The Federal CIO Council sponsored the conference in Washington, D.C., to discuss how federal agencies can improve their FISMA scores.

“The goal is not to get a good grade,” said Karen Evans, OMB's administrator of e-government and IT. “The goal is to secure our systems to protect our national assets. We’re asking you not just to crank out paperwork, but to produce results.”

Federal IT offices must work with their inspectors general to show that the offices are proactively managing risk and have created secure systems that are verifiable and trackable, Evans said.

All agencies must have continuity-of-operations plans and communications plans in case an incident happens, Evans said.

Agencies should also report any potential incident to the Homeland Security Department, which can analyze and coordinate enterprisewide responses throughout the federal government, Evans said.

Support from chief financial and acquisition officers as well as department chiefs is essential to improving FISMA scores, said Lisa Schlosser, CIO for the Department of Housing and Urban Development (HUD).

As CISO at the Transportation Department, Schlosser guided DOT from an “F” FISMA grade in the 2002 fiscal year to an “A-“ in the 2004 fiscal year. She became HUD CIO six months ago.

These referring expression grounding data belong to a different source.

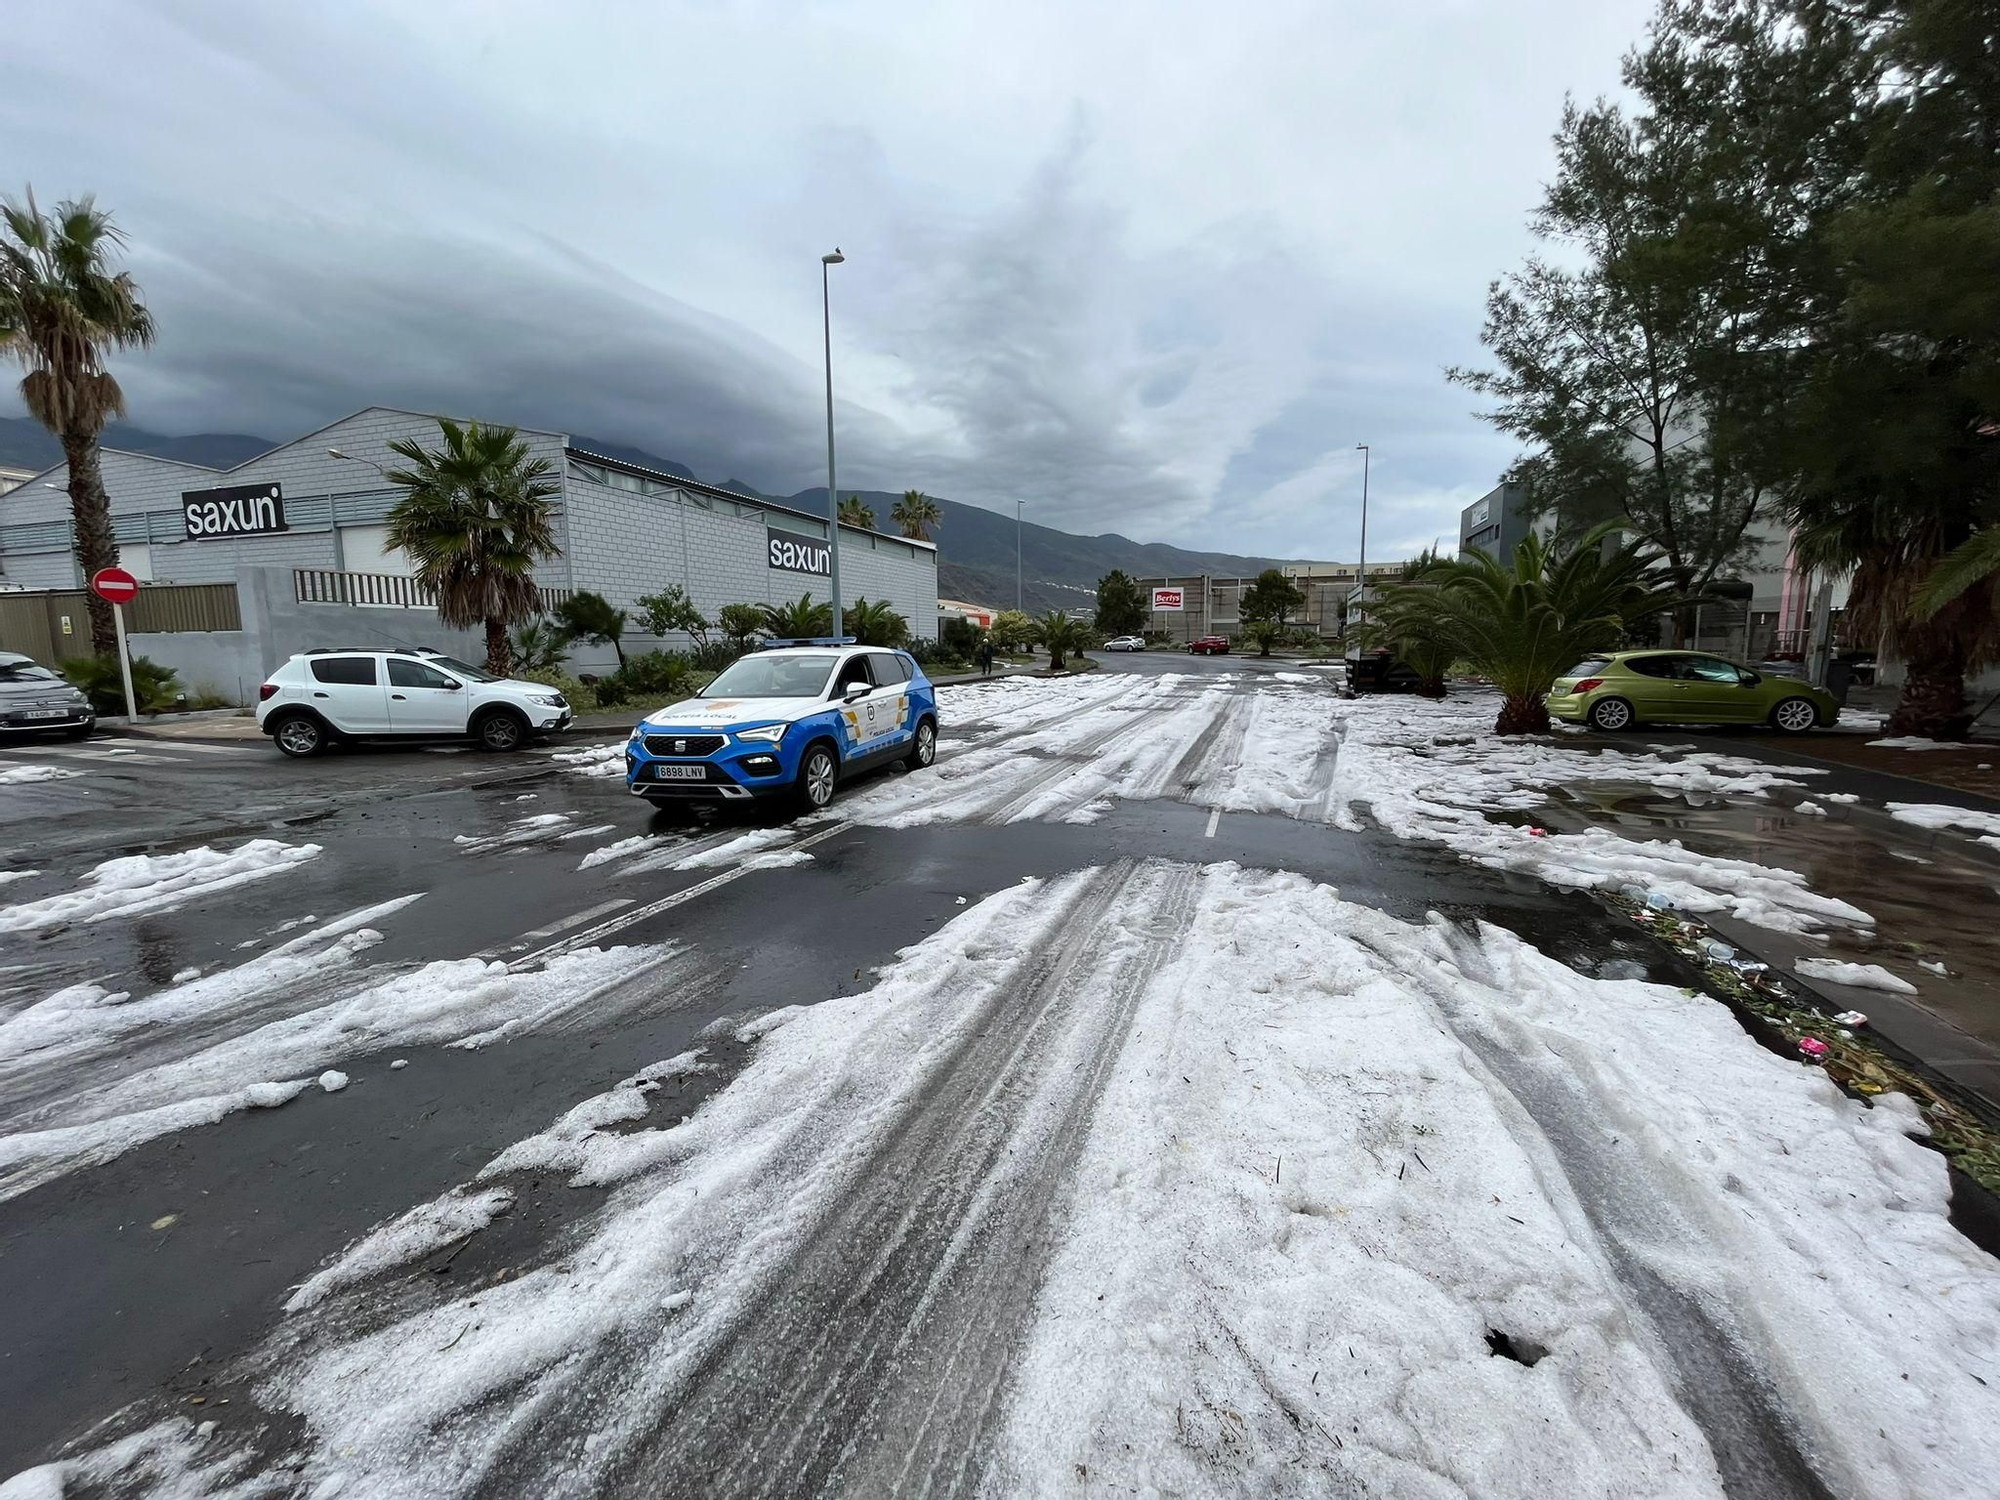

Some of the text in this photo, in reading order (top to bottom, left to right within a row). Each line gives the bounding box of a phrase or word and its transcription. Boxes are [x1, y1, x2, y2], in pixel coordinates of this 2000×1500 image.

[186, 495, 277, 535] saxun
[770, 539, 830, 574] saxun
[660, 767, 703, 777] 6898 LNY
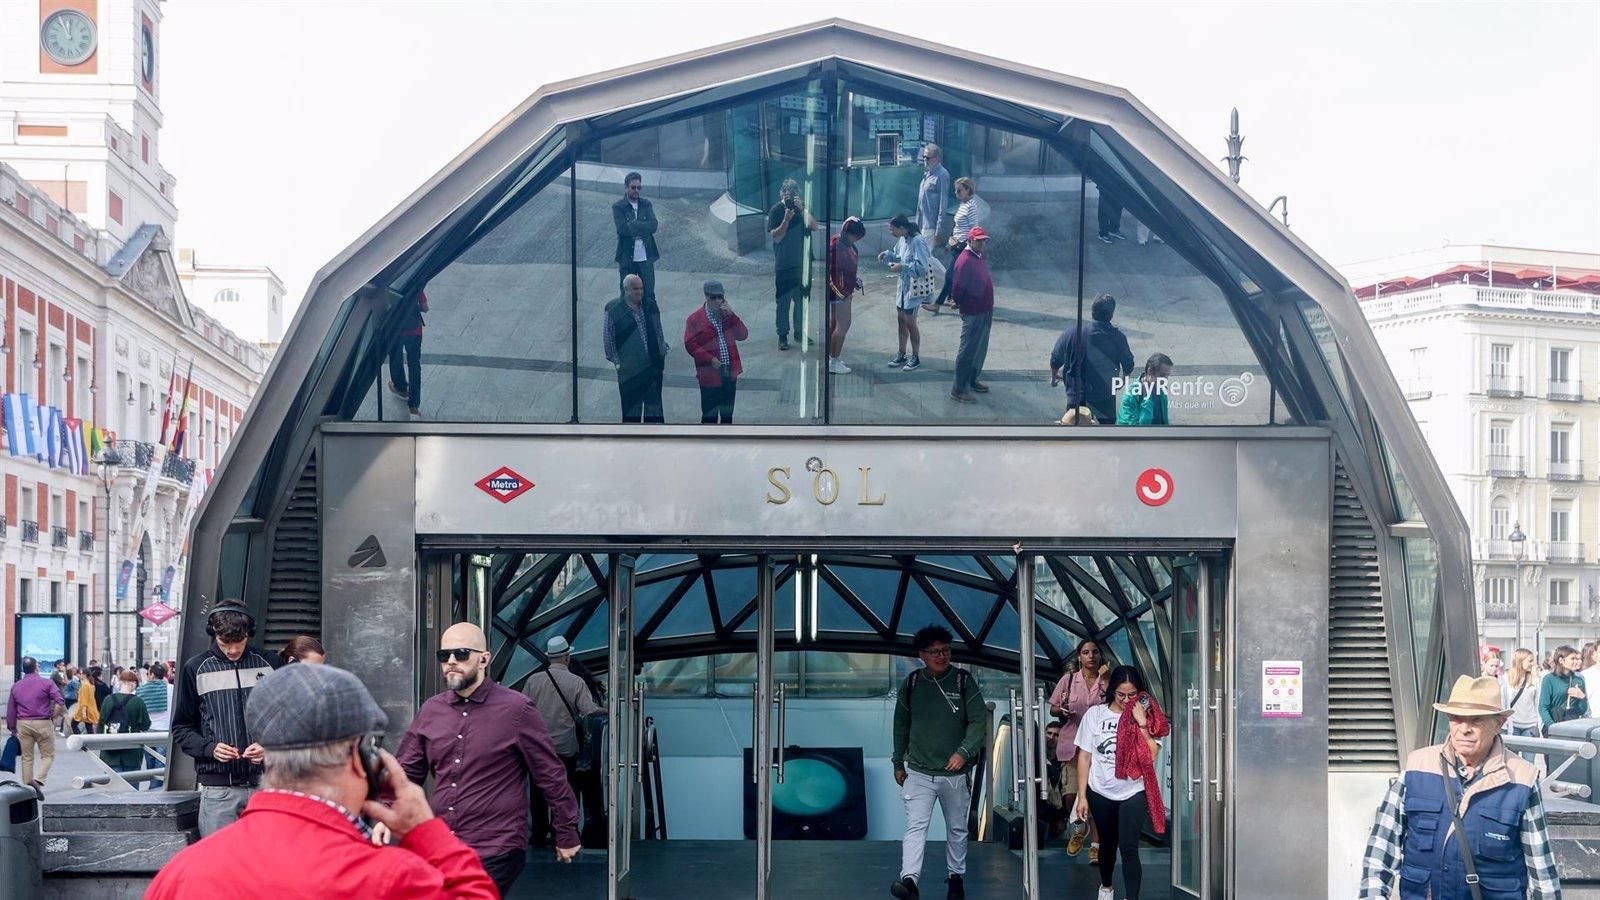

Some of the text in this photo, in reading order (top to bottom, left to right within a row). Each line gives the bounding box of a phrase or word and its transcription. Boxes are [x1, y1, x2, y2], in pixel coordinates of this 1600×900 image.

[1111, 376, 1215, 400] PlayRenfe
[1184, 401, 1200, 410] que
[491, 480, 518, 489] Metro
[766, 466, 886, 505] SOL

CIOs and others responsible for IT must speak leaders’ language and frame their requests in terms of meeting business needs, Schlosser said. For instance, HUD must keep data on $500 billion in loan information safe and accessible, she said.

“When you start talking about half a trillion dollars, you get people’s attention,” Schlosser said.

IT shops should also look around the federal government for successful applications and practices to modify for their own use, Schlosser said. For example, DOT uses a program from the Environmental Protection Agency, called ASSERT, to automate FISMA testing, she said.

Federal agencies should include IT security requirements in their procurements to ensure that cybersecurity is already built into systems when they arrive, both Evans and Schlosser said.